LPoverty in France is growing since Covid and inequalities are increasing. This is the observation made by the latest INSEE report on the subject, published this Tuesday at the end of the day. All in all, the French came out of the pandemic poorer than when they entered it. But in detail, above all, the standard of living of the poorest has fallen, while the richest have improved.
In 2021, the share of poor French increased by 0.9%, to 14.5% of the population. More than nine million people lived, therefore, two years ago below the monetary poverty threshold, set at 60% of the median income, or 1,158 euros per month for a single person, half of them had less than 924 euros per month.
If this impoverishment also applies to employed people – of whom 7.4% lived below the poverty line – the unemployed (35.1%) and large families (25.6%), as well as women, are mainly affected.
They also represent 57.5% of the people admitted by the Secours catholique last year. A rate much higher than their share of the population of France, prompting the association to speak of the “feminization” of poverty in its last annual report.
- Single mothers and children on the front line
Many single mothers specifically seek help from Secours catholique. This year, they represented a quarter of a million users that the association supported. A situation that is partly explained by non-payment of alimony: almost a third of solvent fathers still do not pay it.
However, the trend of impoverishment is wider and is caused, according to INSEE, by the end of the aid introduced during the Covid pandemic and the non-renewal of the increase in the return to school allowance, which largely affected the most vulnerable families.
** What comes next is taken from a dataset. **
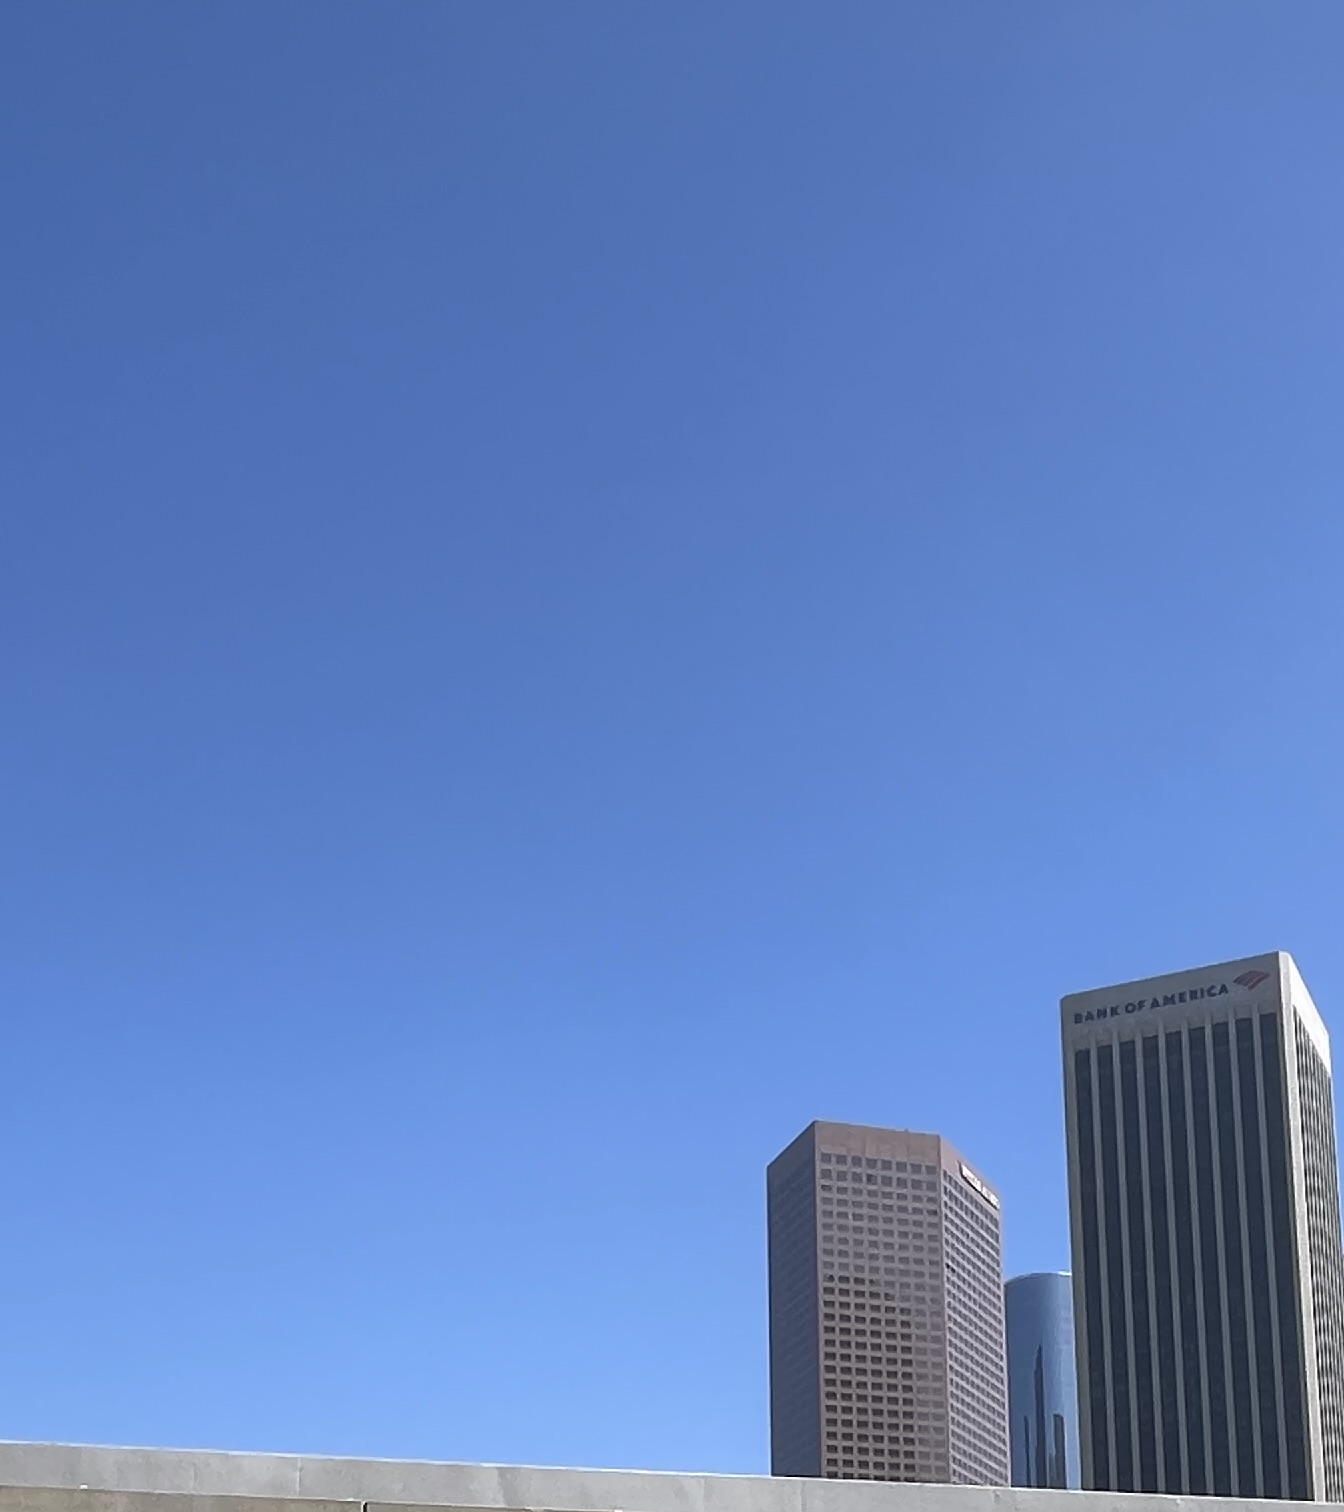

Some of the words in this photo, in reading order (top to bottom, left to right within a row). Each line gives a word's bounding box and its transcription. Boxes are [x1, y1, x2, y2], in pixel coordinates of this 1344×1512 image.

The APL reform also stands out: according to INSEE, the overall level of aid paid has fallen since its entry into force in January 2021. The result: almost a quarter (20.6%) of children living in France in 2021 were in poverty .
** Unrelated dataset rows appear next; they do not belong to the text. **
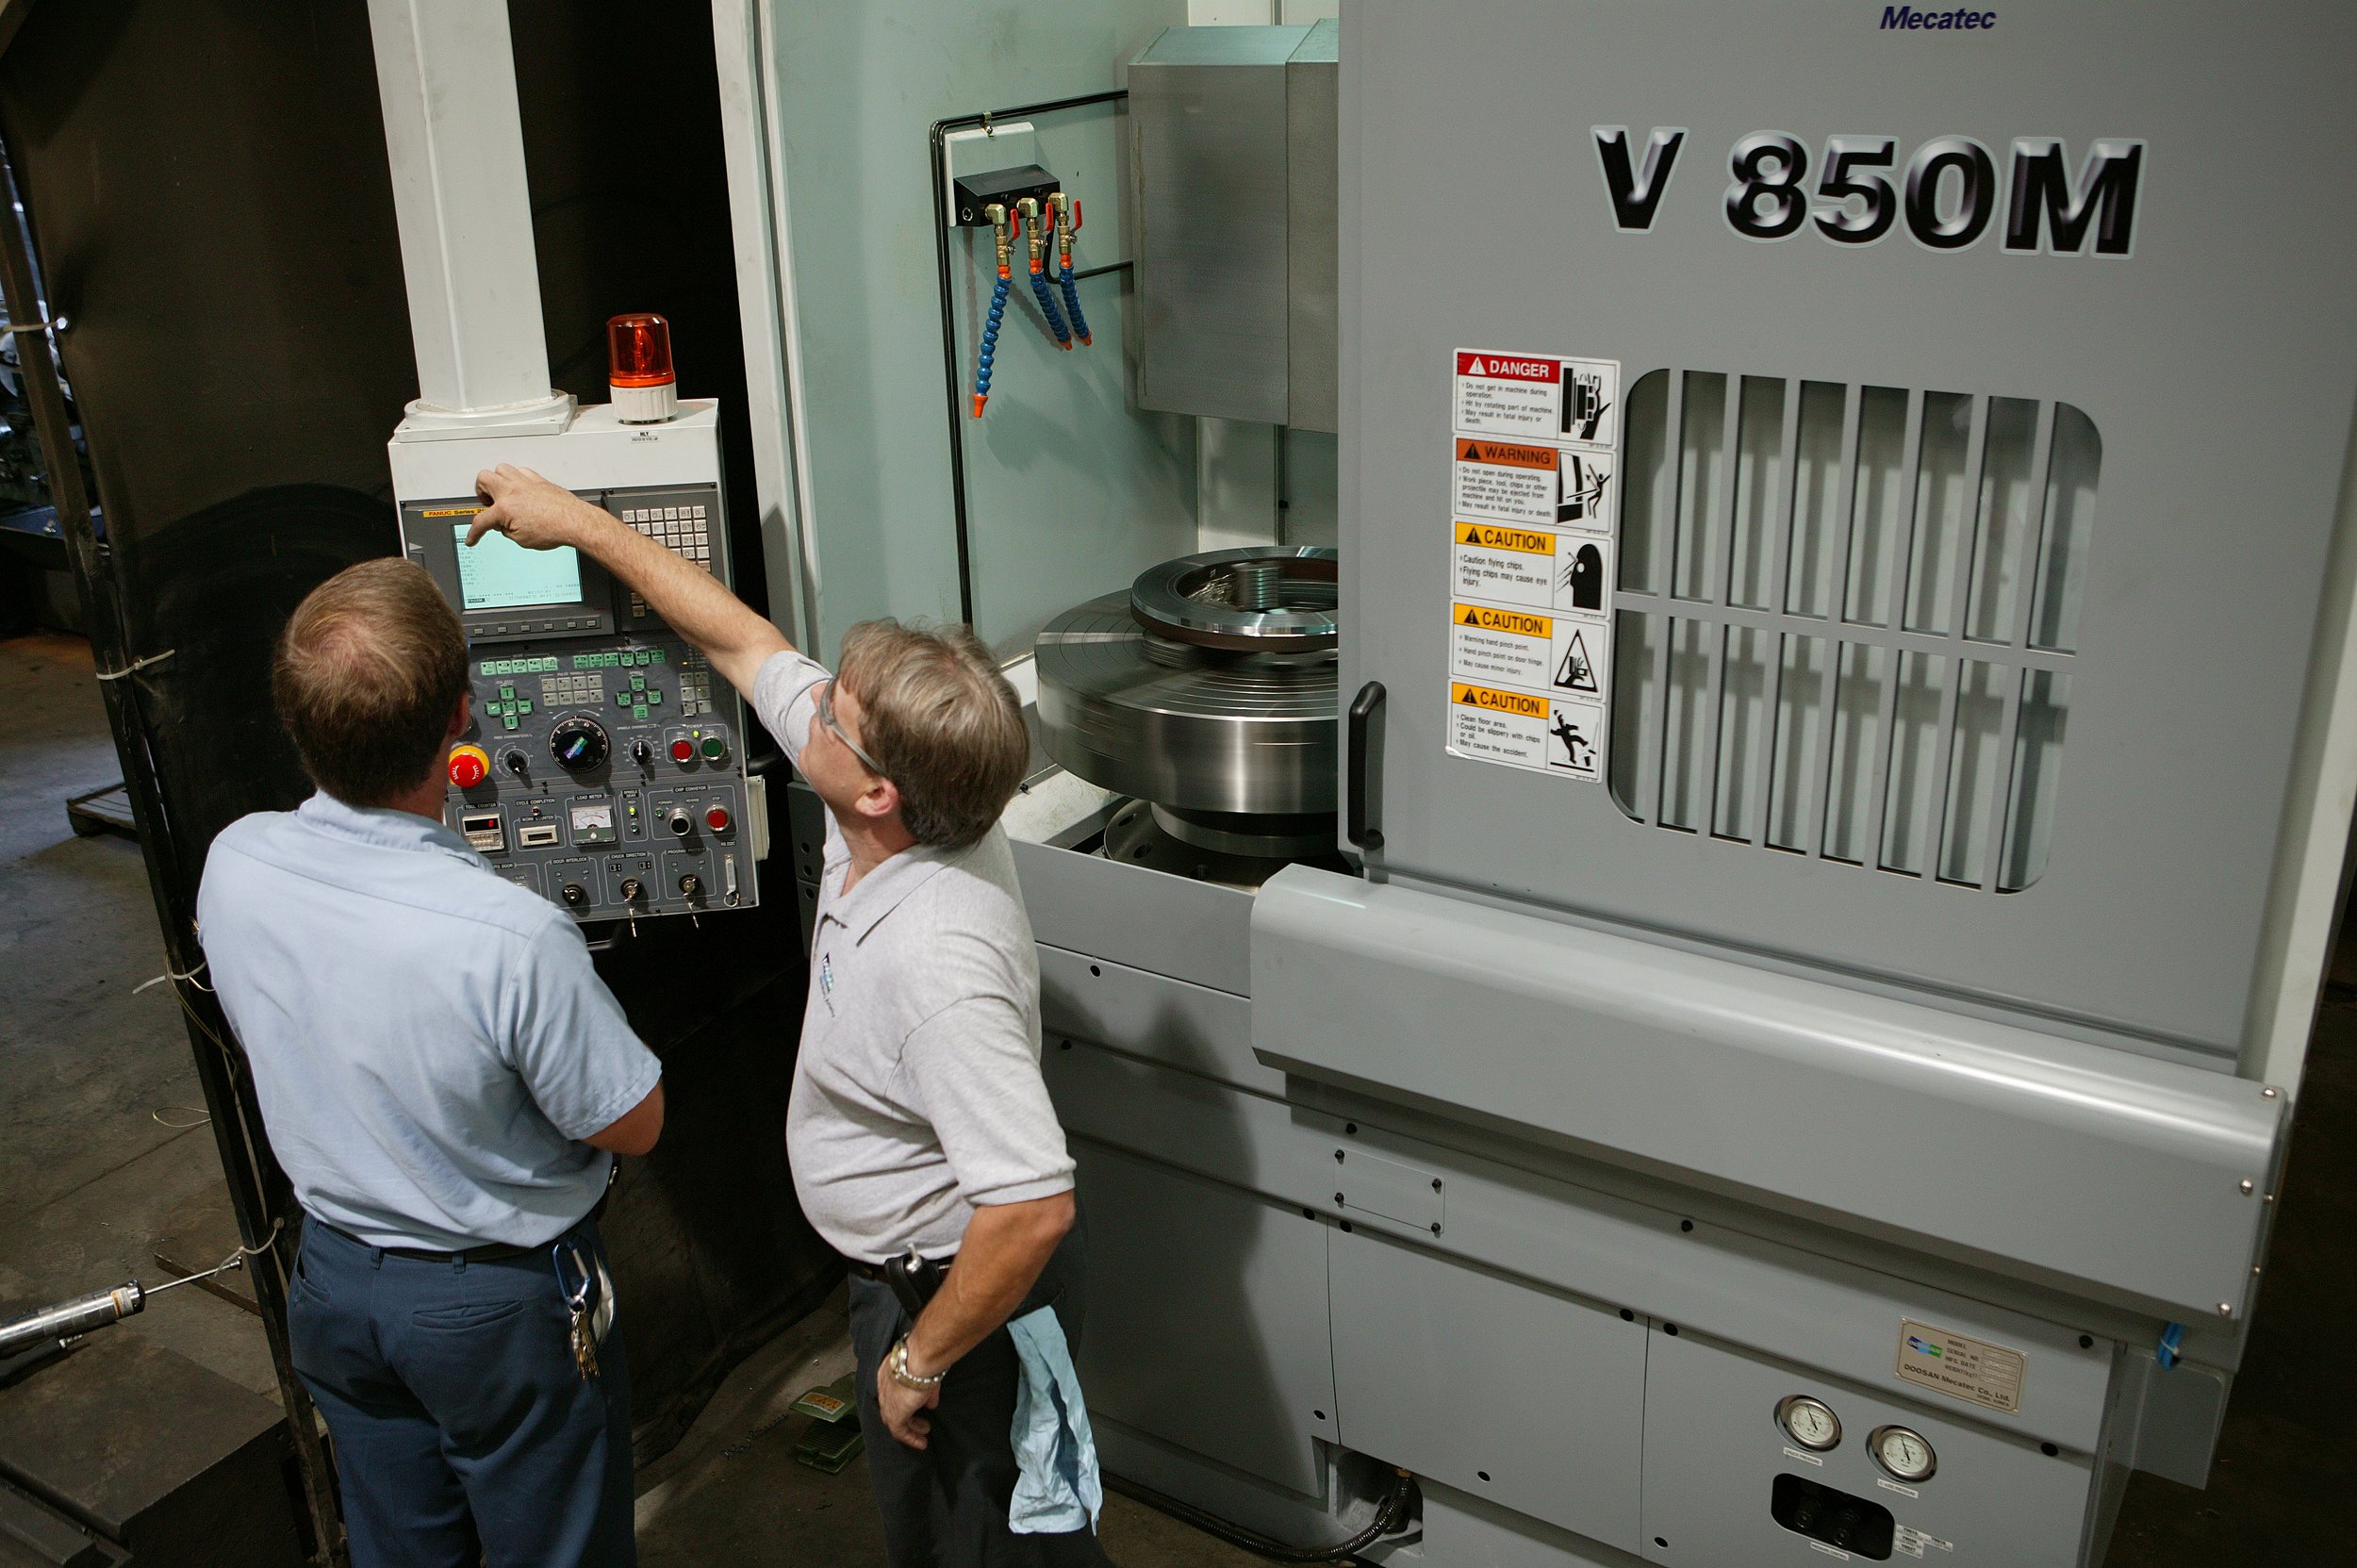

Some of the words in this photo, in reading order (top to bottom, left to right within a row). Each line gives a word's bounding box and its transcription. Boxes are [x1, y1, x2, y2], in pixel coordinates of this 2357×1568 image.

[1880, 6, 1997, 30] Mecatec
[1591, 125, 1689, 235] V
[1722, 130, 2148, 259] 850M
[1490, 360, 1549, 377] DANGER
[1518, 414, 1533, 422] injury
[1485, 446, 1550, 464] WARNING
[1510, 489, 1529, 498] ejected
[1485, 530, 1545, 551] CAUTION
[1463, 554, 1486, 564] Caution
[1489, 558, 1504, 569] flying
[1463, 567, 1480, 577] Flying
[1483, 569, 1498, 578] chips
[1501, 572, 1513, 581] may
[1516, 574, 1533, 583] cause
[1483, 612, 1542, 634] CAUTION
[1464, 635, 1484, 645] Warning
[1487, 637, 1498, 646] hand
[1480, 691, 1540, 714] CAUTION
[1460, 722, 1476, 732] Could
[1488, 729, 1508, 738] slippery
[1460, 739, 1471, 748] May
[1948, 1339, 1967, 1350] MODEL
[1946, 1347, 1967, 1359] SERIAL
[1961, 1361, 1976, 1370] DATE
[1904, 1363, 1939, 1380] DOOSAN
[1942, 1376, 1975, 1393] Mecatec
[1995, 1393, 2010, 1402] Ltd.
Inflation is finally playing its part: reaching 1.6% in 2021 compared to 0.5% in 2020, it has contributed to lower living standards as social benefits, adjusted to the previous year’s inflation rate, rise more slowly than prices.
Conversely, if poverty increased, the income of the richest benefited from the resumption of activity after the Covid-imposed shutdown. Little affected by the end of state aid, the living standards of the richest French rose in 2021, further widening the gap with the poorest.
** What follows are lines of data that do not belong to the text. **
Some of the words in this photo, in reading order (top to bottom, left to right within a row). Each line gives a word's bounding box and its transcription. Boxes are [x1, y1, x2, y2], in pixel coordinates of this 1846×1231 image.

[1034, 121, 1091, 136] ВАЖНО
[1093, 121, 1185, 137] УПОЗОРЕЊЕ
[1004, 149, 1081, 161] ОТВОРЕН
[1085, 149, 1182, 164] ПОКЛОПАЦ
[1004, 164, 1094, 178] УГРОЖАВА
For example, driven by rising wages and income from wealth, the living standards of the richest 5% of residents increased by 4.5% between 2020 and 2021, while the poorest 20% of French people lost 2% of their purchasing power. Taking inflation into account, the standard of living of the poorest French has only fallen in 2021, while that of the richest has improved.
“The resumption of activity in 2021 is accompanied by growth in income from work and dividends received by households, more pronounced in the richest households whose living standards are increasing. On the other hand, the non-renewal of the exceptional solidarity aid paid in 2020, linked to the health crisis, burdened the living standards of the most modest households, which fell in 2021”, writes INSEE.
If retirees continue to be in a slightly better position than the active population, the trend begins to reverse. Due to inflation, their median standard of living fell by 1.1% in 2021, a year during which 10.9% lived below the poverty line.
A trend seen since 2017: while the average pension had risen every year until then, driven by new full-time retirees, the curve has inverted. New retirees now earn slightly less than all retirees.